Near downtown, the Capitol Yards housing development in the city's Raley's Landing neighborhood is expected to create up to 200 jobs during the 14-month, $50 million project.
It joins the Bridge District Townhomes and Apartments and the Rivermark affordable housing project, which is under construction, also in the nearby Bridge District.
"These are all really positive developments for the city," said Diane Richards, West Sacramento's economic development director. "There's obviously been some downsizing in the city, but this is a really positive balancing for our labor force."
West Sacramento's jobless rate remains Yolo County's highest at 13.5 percent, according to the state's Employment Development Department, well above the county's 8.7 percent unemployment rate.

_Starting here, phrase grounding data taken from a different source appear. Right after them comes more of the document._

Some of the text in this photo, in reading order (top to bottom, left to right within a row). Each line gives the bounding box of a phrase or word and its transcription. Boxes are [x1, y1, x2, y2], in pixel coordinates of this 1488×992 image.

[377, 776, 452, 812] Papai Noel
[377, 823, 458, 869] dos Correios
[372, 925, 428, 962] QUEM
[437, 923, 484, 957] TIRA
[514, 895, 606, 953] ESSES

But in recent months, West Sacramento has seen Bayer Cropscience relocate to the city from Davis and the planned expansion of Norway-based conglomerate TOMRA Sorting, which signed a long-term deal at the Riverside Commerce Center near Interstate 80.

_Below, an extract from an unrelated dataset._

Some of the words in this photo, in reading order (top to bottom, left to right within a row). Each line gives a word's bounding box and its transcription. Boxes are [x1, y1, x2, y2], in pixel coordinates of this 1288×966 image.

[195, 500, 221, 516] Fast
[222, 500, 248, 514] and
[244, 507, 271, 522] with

With its expansion, TOMRA expects to add about 25 workers to the current 45.
Bayer officials in July said the firm has the capacity to employ 300 workers at the 164,000- square-foot West Sacramento site. Richards said Bayer Cropscience plans to move into the old Affymetrix site at 890 Embarcadero Drive at year's end.
Nippon Shokkon's first U.S. production facility in Southport Business Park means another 400 jobs, city officials say.
So far, Nippon is hiring for its production line and quality control along with other shift workers and administrative staff, said Steve Roberts, an employment services specialist at the Yolo County Department of Employment and Social Services, who is helping to coordinate Nippon Shokkon's local hiring effort.
Other positions, Roberts said, will be filled over time.
But, he said, the recent activity in the city is reason for optimism.
"It makes our work so much more enjoyable now, because there are jobs for people who will fill them," Roberts said.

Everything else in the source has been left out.